▶ _WHAT TO PRODUCE_
Each line of the material should be set down exactly. Pictures are not part of the copy.

=-=-=

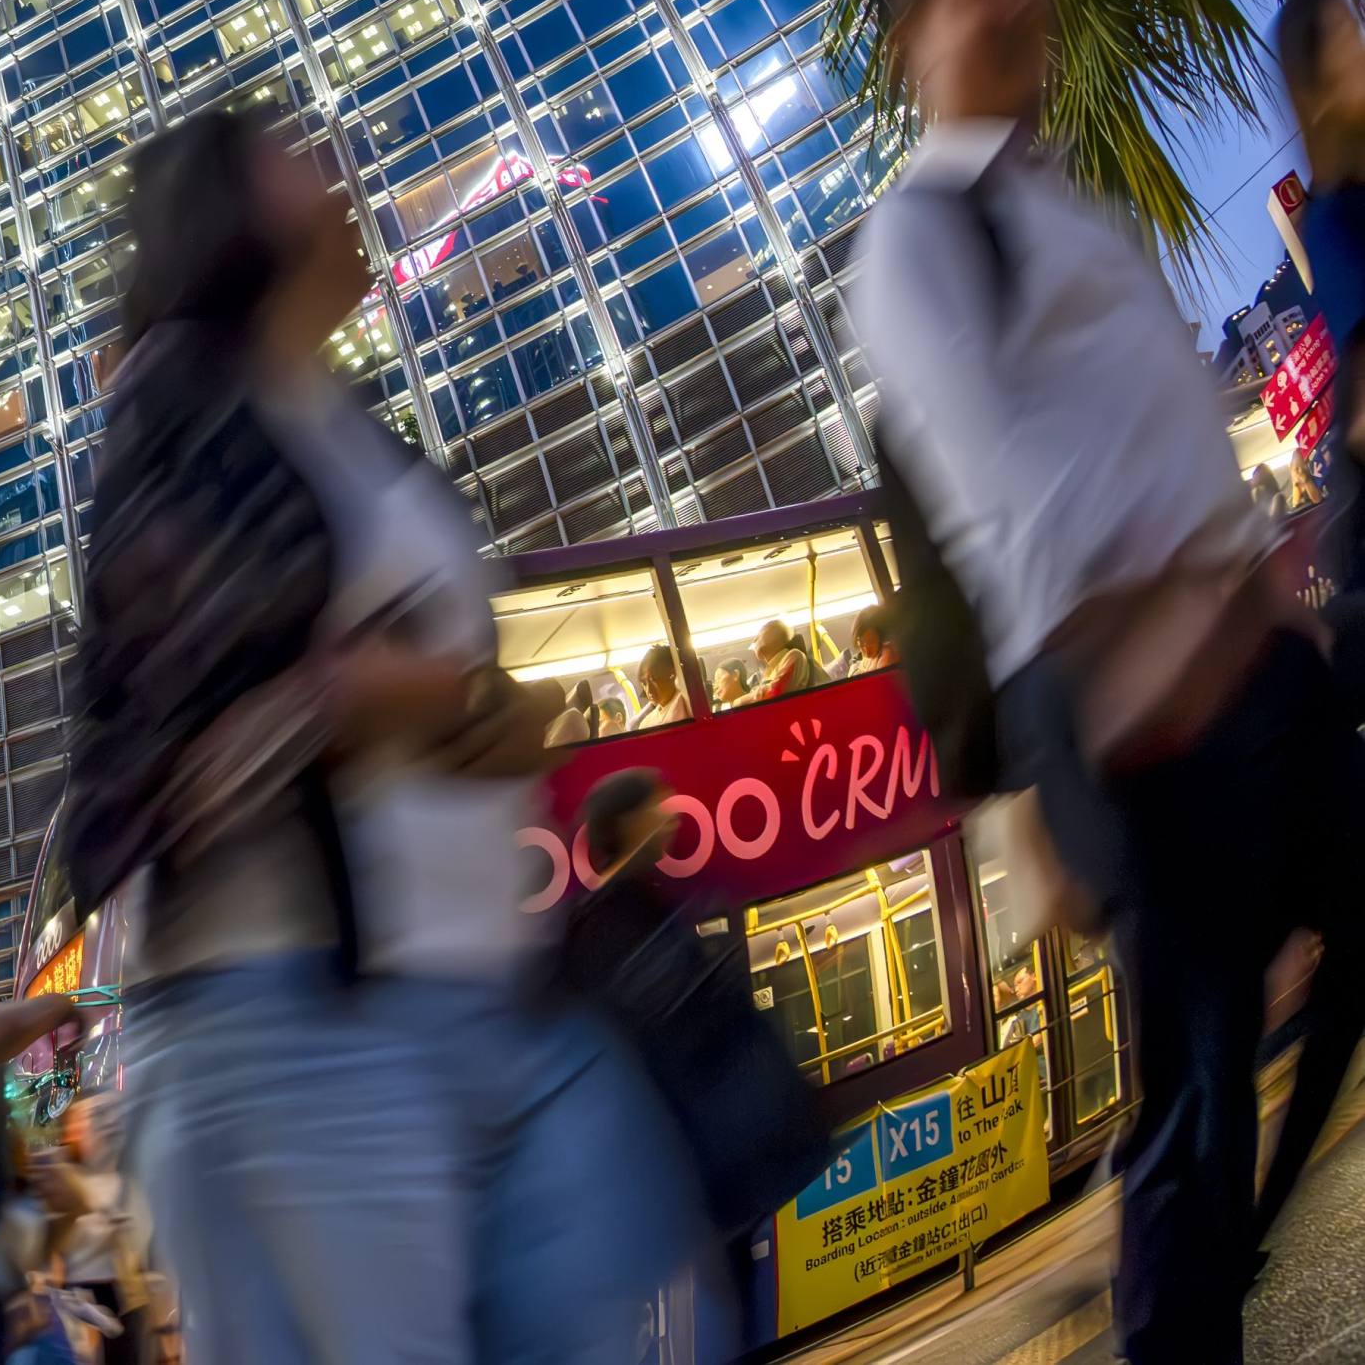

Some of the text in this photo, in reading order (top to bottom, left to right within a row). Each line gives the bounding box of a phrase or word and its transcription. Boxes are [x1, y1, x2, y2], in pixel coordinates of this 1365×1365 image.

[801, 726, 940, 840] CRM
[889, 1110, 940, 1163] X15
[958, 1099, 1024, 1144] to The eak
[805, 1243, 856, 1271] Boarding
[907, 1199, 947, 1226] outside
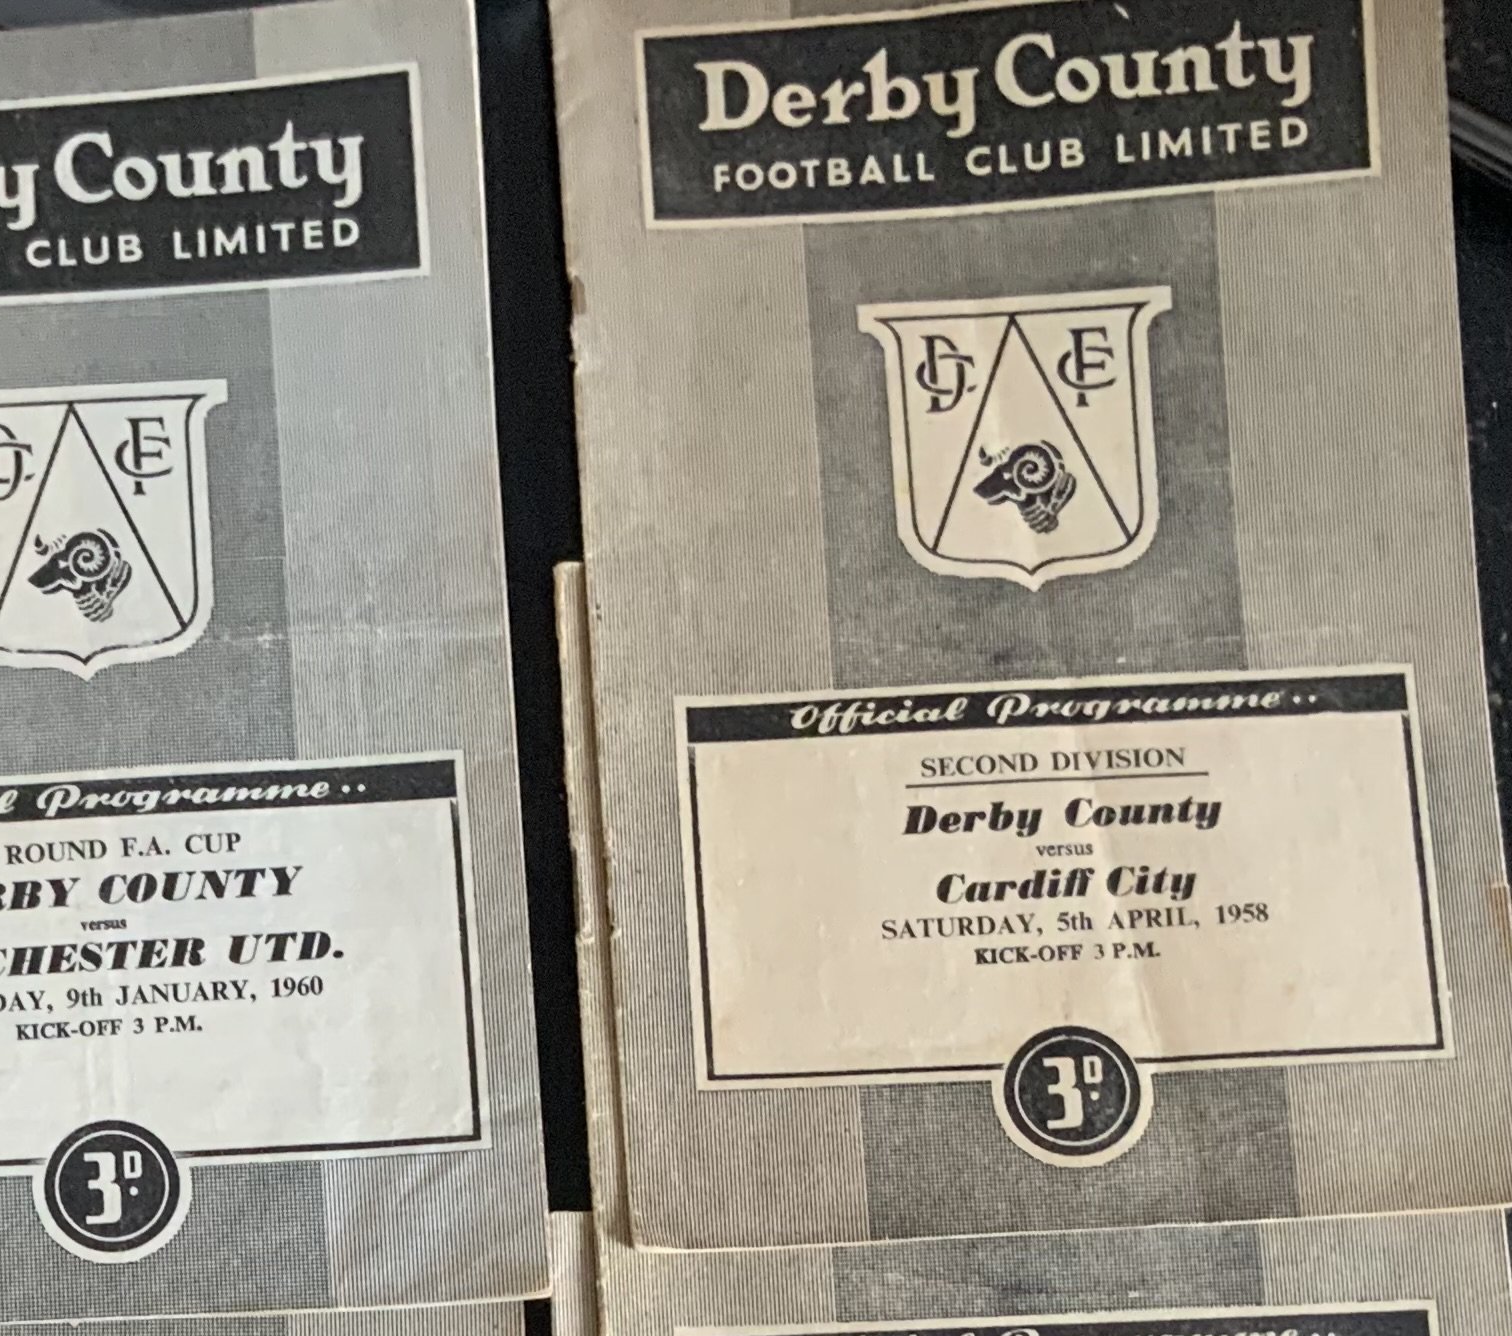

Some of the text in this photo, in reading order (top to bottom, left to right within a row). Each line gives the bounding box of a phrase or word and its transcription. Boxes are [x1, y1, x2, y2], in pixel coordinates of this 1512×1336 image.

=-=-=

▶ _SOLUTION_
Some of the text in this photo, in reading order (top to bottom, left to right within a row). Each line gives the bounding box of a phrase or word and its transcription. Boxes are [x1, y1, x2, y2], in pixel coordinates of this 1365×1365 image.

[801, 726, 940, 840] CRM
[889, 1110, 940, 1163] X15
[958, 1099, 1024, 1144] to The eak
[805, 1243, 856, 1271] Boarding
[907, 1199, 947, 1226] outside

Some of the text in this photo, in reading order (top to bottom, left to right within a row). Each line gives the bounding box of a phrase or word and its transcription. Boxes are [x1, y1, x2, y2], in pixel coordinates of this 1512×1336 image.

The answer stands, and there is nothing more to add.